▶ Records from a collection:
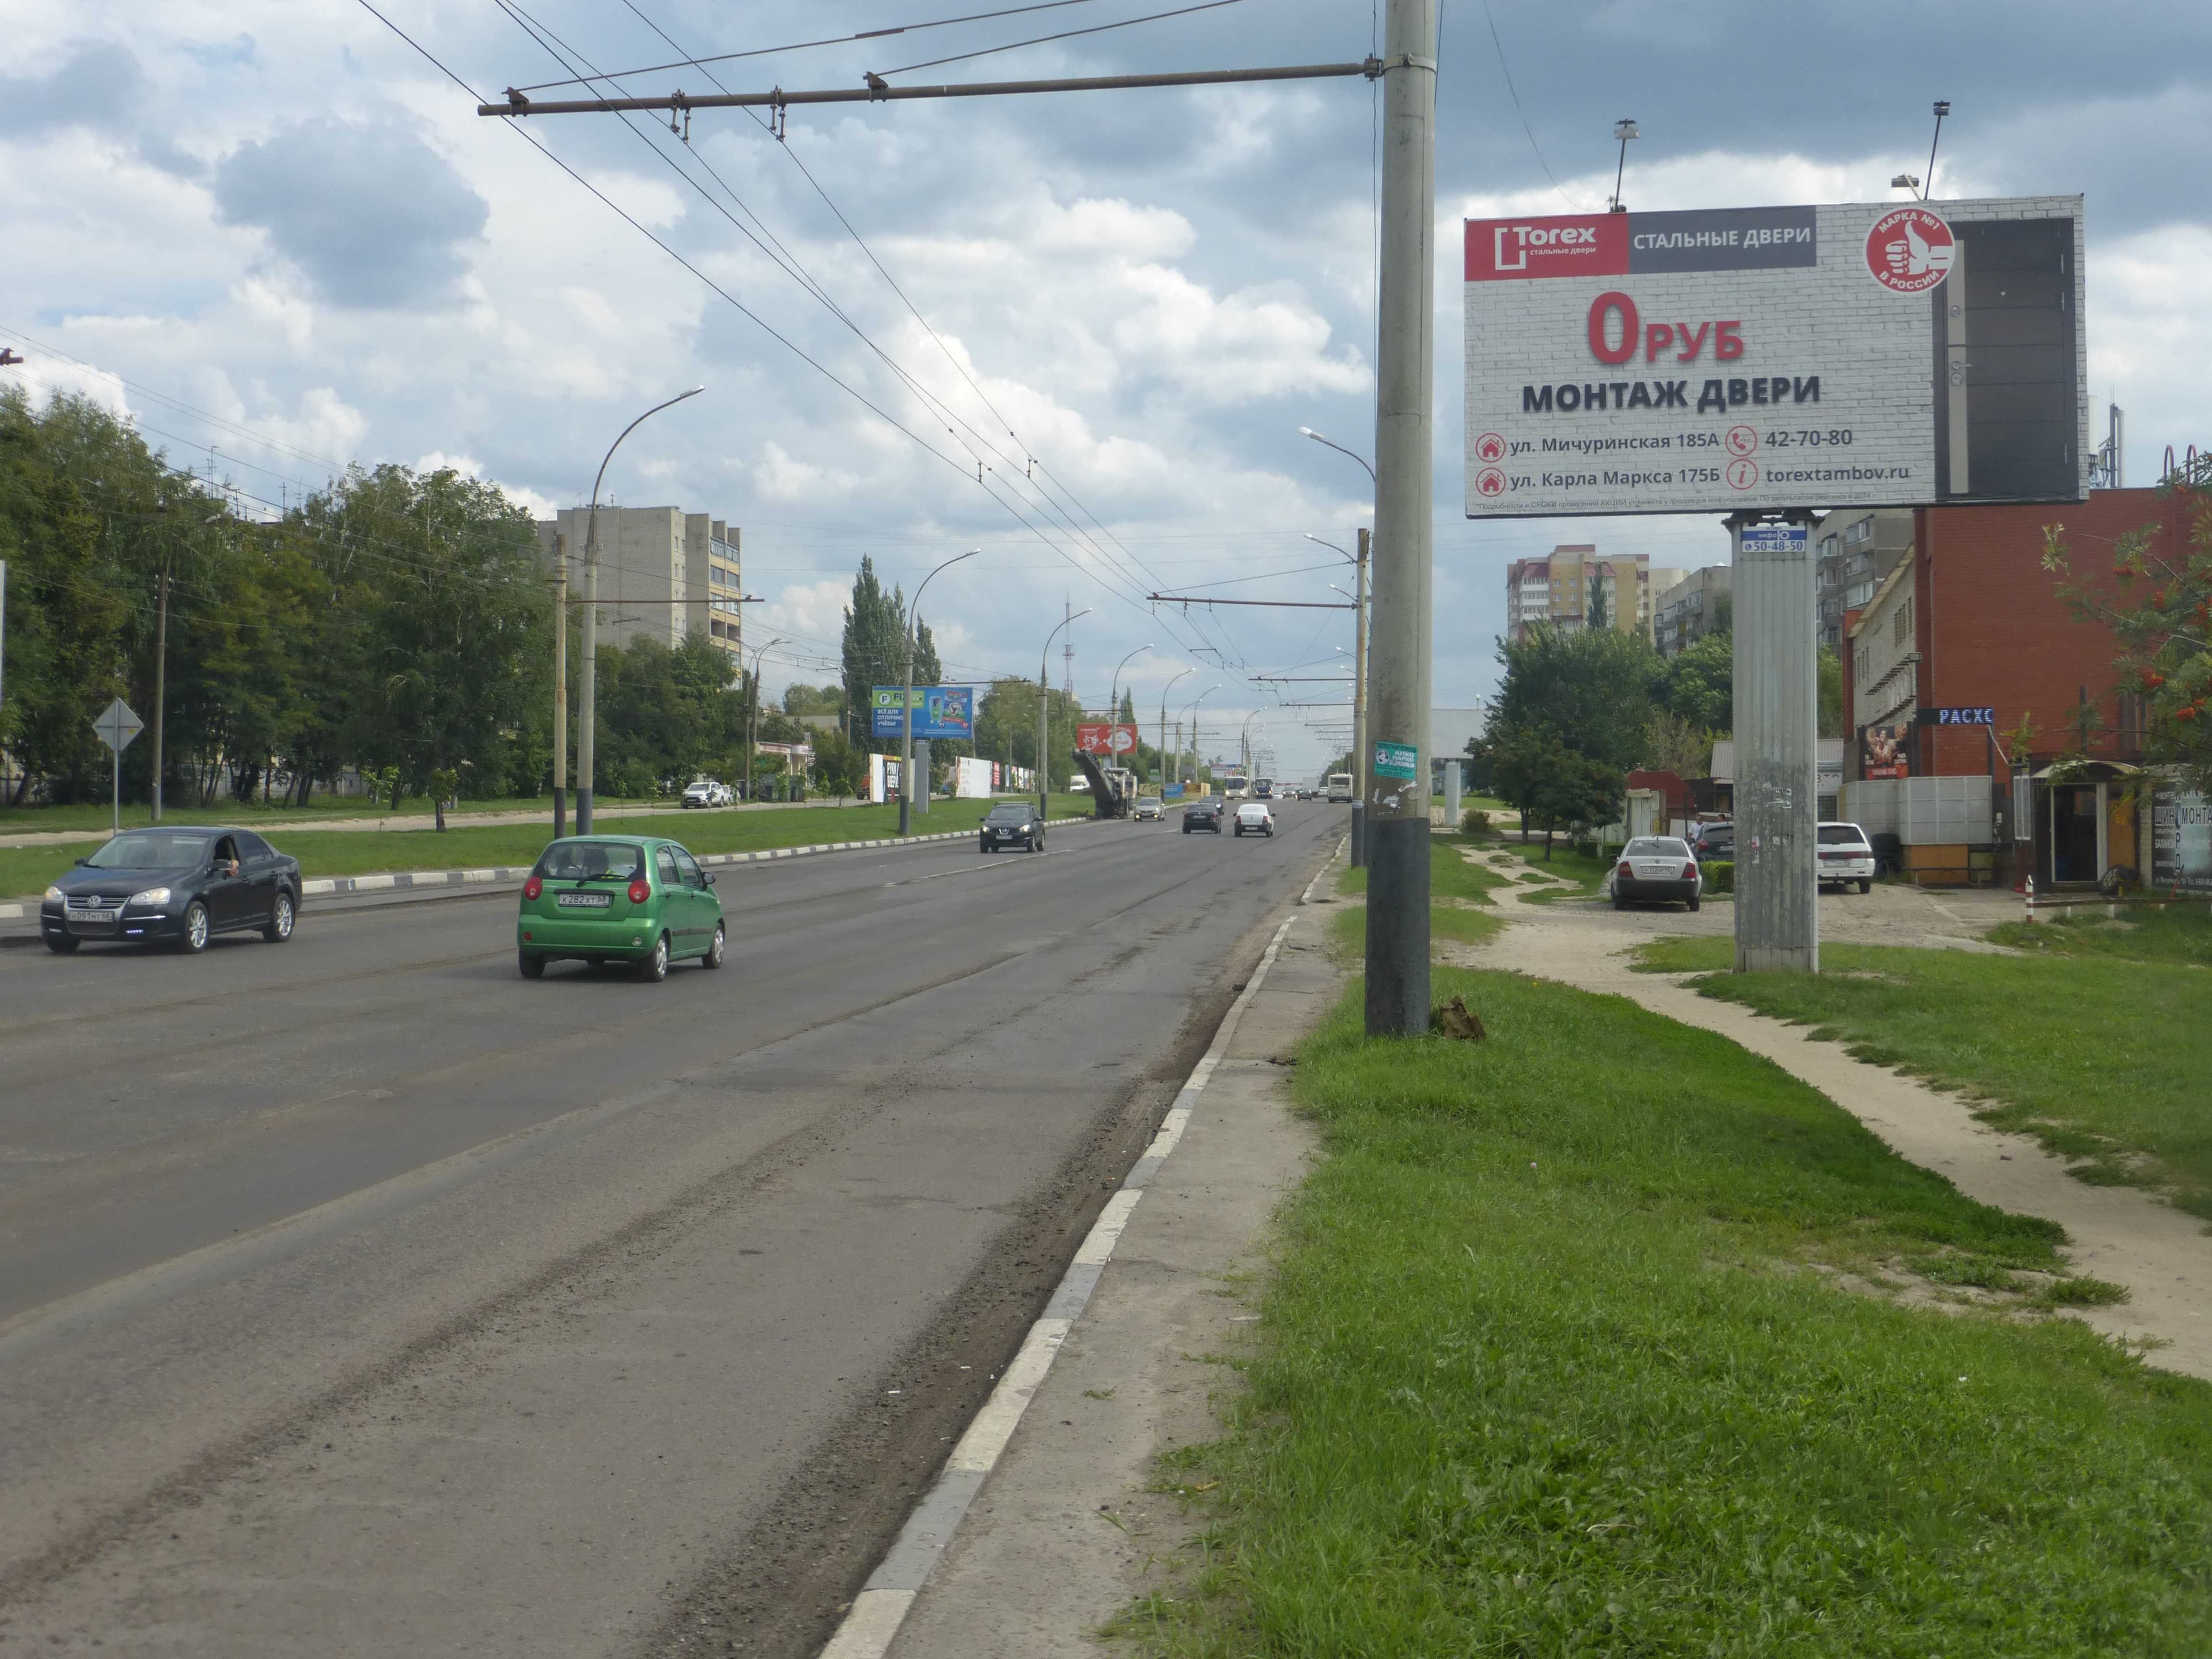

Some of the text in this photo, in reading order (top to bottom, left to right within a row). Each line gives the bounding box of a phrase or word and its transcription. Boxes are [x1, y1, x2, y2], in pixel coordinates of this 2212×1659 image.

[1878, 211, 1941, 233] МАРКА №1
[1512, 226, 1596, 245] Torex
[1634, 228, 1810, 249] СТАЛЬНЫЕ ДВЕРИ
[1530, 247, 1596, 256] стальные двери
[1879, 271, 1940, 289] В РОССИИ
[1646, 320, 1744, 363] РУБ
[1522, 376, 1820, 414] МОНТАЖ ДВЕРИ
[1510, 433, 1719, 457] ул. Мичуринская 185А
[1765, 430, 1853, 447] 42-70-80
[1510, 468, 1720, 491] ул. Карла Маркса 175Б
[1766, 466, 1909, 483] torextambov.ru
[1600, 499, 1627, 507] АКЦИИ
[1754, 541, 1803, 551] 50-48-50

▶ TASK TO CARRY OUT: Copy the records above exactly, omitting every picture.

▶ REPLY TO THE EXERCISE:
Some of the text in this photo, in reading order (top to bottom, left to right within a row). Each line gives the bounding box of a phrase or word and its transcription. Boxes are [x1, y1, x2, y2], in pixel coordinates of this 2212×1659 image.

[1878, 211, 1941, 233] МАРКА №1
[1512, 226, 1596, 245] Torex
[1634, 228, 1810, 249] СТАЛЬНЫЕ ДВЕРИ
[1530, 247, 1596, 256] стальные двери
[1879, 271, 1940, 289] В РОССИИ
[1646, 320, 1744, 363] РУБ
[1522, 376, 1820, 414] МОНТАЖ ДВЕРИ
[1510, 433, 1719, 457] ул. Мичуринская 185А
[1765, 430, 1853, 447] 42-70-80
[1510, 468, 1720, 491] ул. Карла Маркса 175Б
[1766, 466, 1909, 483] torextambov.ru
[1600, 499, 1627, 507] АКЦИИ
[1754, 541, 1803, 551] 50-48-50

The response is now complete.